Retype the listing below exactly, beginning at the line that contains "this 1600×1067 image." and ending with its last line.

** Opening INFORMATION PROVIDED block **

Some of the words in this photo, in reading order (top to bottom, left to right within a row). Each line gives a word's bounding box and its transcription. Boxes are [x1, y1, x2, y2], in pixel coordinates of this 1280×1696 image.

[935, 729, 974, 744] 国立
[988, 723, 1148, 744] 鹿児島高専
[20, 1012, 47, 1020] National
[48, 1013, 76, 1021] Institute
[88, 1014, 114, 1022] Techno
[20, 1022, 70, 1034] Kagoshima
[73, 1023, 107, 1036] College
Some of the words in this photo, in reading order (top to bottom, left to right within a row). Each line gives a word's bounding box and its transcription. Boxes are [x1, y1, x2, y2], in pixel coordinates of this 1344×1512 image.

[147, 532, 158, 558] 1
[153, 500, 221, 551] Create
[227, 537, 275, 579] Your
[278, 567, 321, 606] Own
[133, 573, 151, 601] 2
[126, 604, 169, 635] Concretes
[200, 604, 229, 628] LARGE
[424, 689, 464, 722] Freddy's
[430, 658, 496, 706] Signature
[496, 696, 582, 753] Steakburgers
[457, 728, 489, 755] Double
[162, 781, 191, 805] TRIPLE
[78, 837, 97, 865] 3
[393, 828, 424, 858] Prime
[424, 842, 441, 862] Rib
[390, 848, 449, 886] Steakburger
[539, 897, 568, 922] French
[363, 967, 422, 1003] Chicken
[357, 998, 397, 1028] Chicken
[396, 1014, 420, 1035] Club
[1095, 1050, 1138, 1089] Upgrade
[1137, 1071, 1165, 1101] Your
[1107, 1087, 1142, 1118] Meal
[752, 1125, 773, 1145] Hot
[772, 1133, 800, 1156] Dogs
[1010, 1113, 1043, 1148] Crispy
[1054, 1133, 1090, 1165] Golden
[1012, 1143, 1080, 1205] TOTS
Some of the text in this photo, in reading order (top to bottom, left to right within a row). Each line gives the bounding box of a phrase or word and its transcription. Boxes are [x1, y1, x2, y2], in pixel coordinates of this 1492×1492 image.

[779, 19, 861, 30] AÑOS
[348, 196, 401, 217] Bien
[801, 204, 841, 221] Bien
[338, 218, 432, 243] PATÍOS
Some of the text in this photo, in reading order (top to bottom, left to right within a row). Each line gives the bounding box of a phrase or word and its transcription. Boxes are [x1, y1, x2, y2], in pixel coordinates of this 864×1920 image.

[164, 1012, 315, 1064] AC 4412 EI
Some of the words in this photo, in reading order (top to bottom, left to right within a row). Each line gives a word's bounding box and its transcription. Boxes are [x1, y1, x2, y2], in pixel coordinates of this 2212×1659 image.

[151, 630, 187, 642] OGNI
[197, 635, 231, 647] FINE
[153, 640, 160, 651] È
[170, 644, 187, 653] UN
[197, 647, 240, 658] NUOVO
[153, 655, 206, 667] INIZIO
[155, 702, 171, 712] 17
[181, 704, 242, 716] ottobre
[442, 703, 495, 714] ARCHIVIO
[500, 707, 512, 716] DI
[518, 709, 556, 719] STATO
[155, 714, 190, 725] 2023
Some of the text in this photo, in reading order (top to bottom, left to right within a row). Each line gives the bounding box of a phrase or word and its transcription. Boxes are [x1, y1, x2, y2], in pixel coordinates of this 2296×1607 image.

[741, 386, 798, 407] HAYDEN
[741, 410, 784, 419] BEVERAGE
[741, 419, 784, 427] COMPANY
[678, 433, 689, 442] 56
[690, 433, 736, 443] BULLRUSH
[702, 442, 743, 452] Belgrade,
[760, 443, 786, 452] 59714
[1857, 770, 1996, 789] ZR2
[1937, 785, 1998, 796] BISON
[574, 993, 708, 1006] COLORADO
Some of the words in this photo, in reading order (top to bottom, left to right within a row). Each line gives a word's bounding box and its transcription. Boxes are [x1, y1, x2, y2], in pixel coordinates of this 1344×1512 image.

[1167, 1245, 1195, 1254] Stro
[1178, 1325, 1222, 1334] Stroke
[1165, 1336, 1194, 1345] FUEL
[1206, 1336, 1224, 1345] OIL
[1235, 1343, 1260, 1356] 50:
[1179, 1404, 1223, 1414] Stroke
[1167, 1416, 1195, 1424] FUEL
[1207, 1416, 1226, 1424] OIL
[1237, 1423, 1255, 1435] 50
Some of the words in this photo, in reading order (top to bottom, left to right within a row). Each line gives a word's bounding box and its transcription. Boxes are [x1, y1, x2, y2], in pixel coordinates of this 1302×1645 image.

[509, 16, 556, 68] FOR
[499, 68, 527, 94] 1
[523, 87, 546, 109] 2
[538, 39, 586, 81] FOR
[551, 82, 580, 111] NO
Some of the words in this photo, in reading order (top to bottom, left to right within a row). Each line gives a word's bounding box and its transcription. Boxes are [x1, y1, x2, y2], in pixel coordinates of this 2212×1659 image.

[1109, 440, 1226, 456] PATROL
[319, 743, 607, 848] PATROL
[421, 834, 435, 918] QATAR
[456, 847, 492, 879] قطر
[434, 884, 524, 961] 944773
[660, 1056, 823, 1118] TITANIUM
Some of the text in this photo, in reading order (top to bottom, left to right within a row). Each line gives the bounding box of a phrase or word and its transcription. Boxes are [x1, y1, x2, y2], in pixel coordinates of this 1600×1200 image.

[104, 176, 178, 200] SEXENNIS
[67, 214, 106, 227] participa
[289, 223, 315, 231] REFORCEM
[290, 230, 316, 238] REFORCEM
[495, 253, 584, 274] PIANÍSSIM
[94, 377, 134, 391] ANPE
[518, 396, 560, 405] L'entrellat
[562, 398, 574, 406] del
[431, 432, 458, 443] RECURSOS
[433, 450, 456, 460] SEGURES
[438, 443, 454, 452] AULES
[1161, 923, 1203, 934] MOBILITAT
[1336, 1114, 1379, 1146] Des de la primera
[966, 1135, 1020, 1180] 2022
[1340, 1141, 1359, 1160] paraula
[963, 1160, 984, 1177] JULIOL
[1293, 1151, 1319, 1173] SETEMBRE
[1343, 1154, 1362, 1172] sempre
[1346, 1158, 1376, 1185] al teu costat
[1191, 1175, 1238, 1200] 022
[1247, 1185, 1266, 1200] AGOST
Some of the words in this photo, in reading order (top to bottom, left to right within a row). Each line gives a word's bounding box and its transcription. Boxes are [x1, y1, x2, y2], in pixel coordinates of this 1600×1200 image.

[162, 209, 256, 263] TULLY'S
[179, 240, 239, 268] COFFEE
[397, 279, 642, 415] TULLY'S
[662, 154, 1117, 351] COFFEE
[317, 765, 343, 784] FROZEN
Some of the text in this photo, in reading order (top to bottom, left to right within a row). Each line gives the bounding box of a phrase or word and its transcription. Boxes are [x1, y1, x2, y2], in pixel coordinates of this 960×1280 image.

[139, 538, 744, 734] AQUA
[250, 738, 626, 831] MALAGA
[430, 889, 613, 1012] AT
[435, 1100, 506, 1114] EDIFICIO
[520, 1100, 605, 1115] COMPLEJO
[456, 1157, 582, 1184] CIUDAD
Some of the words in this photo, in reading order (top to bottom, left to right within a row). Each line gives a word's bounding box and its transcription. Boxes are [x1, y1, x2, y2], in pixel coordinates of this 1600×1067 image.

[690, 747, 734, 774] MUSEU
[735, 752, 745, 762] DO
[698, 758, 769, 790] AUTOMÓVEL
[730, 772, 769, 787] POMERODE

** Closing INFORMATION PROVIDED block **

_SOLVED EXERCISE_
Some of the words in this photo, in reading order (top to bottom, left to right within a row). Each line gives a word's bounding box and its transcription. Boxes are [x1, y1, x2, y2], in pixel coordinates of this 1600×1067 image.

[690, 747, 734, 774] MUSEU
[735, 752, 745, 762] DO
[698, 758, 769, 790] AUTOMÓVEL
[730, 772, 769, 787] POMERODE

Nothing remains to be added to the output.